My other hang up is when to start school. Sierra is begging to get started. Part of me wants to make her wait through the summer, but then I remember she's actually been out of school for over 2 months already. Long term, I think it'd be nice to follow a flexible year round schedule--taking several weeks off when someone needs it, but avoiding the three month, retention-killing break of summer. After all, we'll have the flexibility to stop and start whenever it suits our situation. But for this year, it's not really hurting her to miss 4 months straight--she's not forgetting how to read, she's not forgetting how to add, her science and history are still at a level of basic knowledge that she has just soaked up and already adds to every day through her endless questions. My mom has the very valid point that our winters up here will be long and it'd be better to get out of the house all summer and save the schooling for those cold snowy days. I'm thinking getting an earlier start will make it easier to take a break when the baby's born. Also, homeschooling doesn't take the same 7 hour block of the day that regular school would, nor does it have to take place at home. I haven't come up with an answer to my "when to start" question yet, but Sierra sure is wearing me down--it's a little frustrating and just kind of wrong to always been getting on to your kid for sneaking into the workbooks.

1 comment:

Marti Kubena said...

Wow, I'm tired just reading about everything you have to do! It's definitely not for me. I'm amazed at anyone who has the patience to do it. Braden was very attached to me around the age of 3 and it was very evident that he needed to be in a program that involved him getting used to other adults.

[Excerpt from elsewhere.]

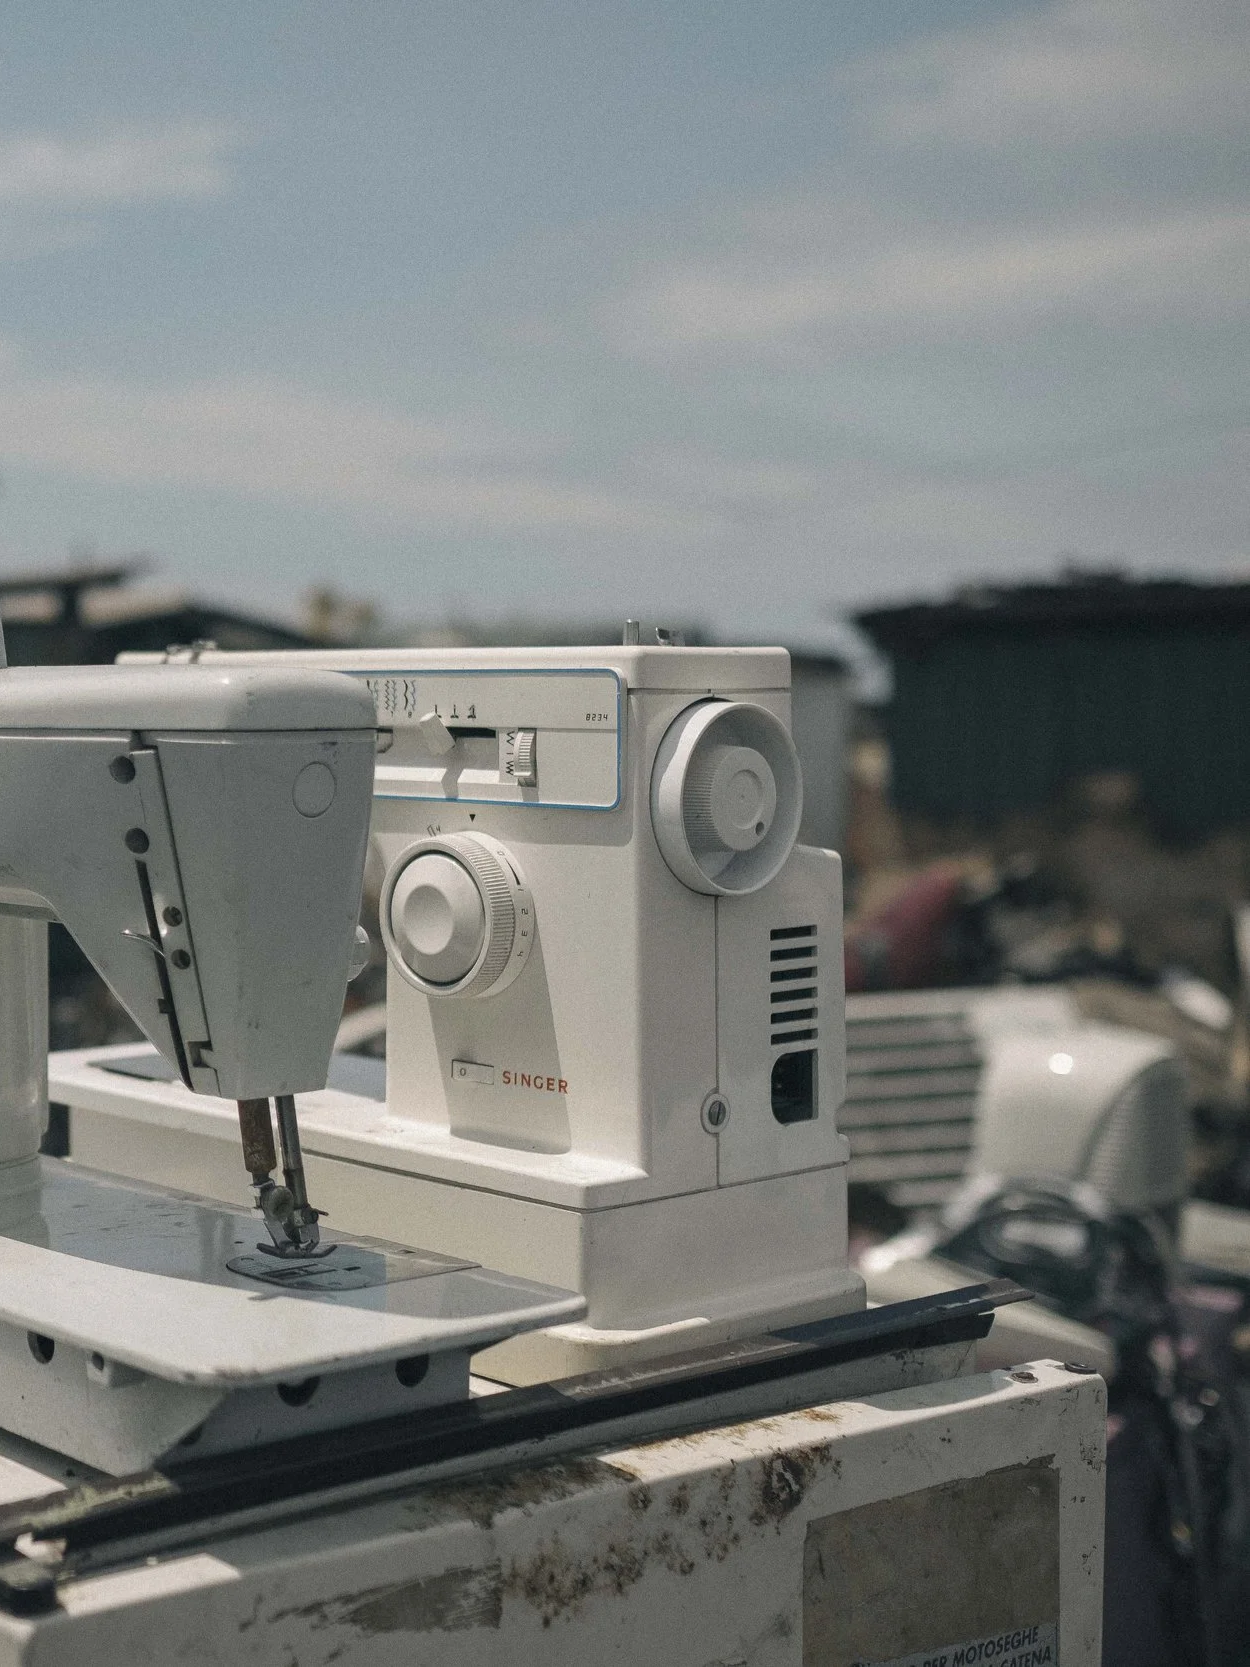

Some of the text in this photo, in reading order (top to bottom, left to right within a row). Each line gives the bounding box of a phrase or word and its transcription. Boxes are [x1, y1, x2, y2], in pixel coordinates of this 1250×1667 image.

[585, 713, 608, 722] 8234
[502, 1070, 568, 1094] SINGER
[952, 1625, 1039, 1667] MOTOSEGHE

And now, he gets very tired of being around me all the time during the summer. I don't think he could ever be home schooled. I'm looking forward to working with Anabelle this year before she starts preschool. Honestly, my third pregnancy was so exhausting that I couldn't even make myself do much with her this past year. Luckily, she picks up on things pretty fast and you don't have to "teach" much for her to absorb something.
The school room looks awesome!Good luck with all your decisions. I'm sure it will all fall into place!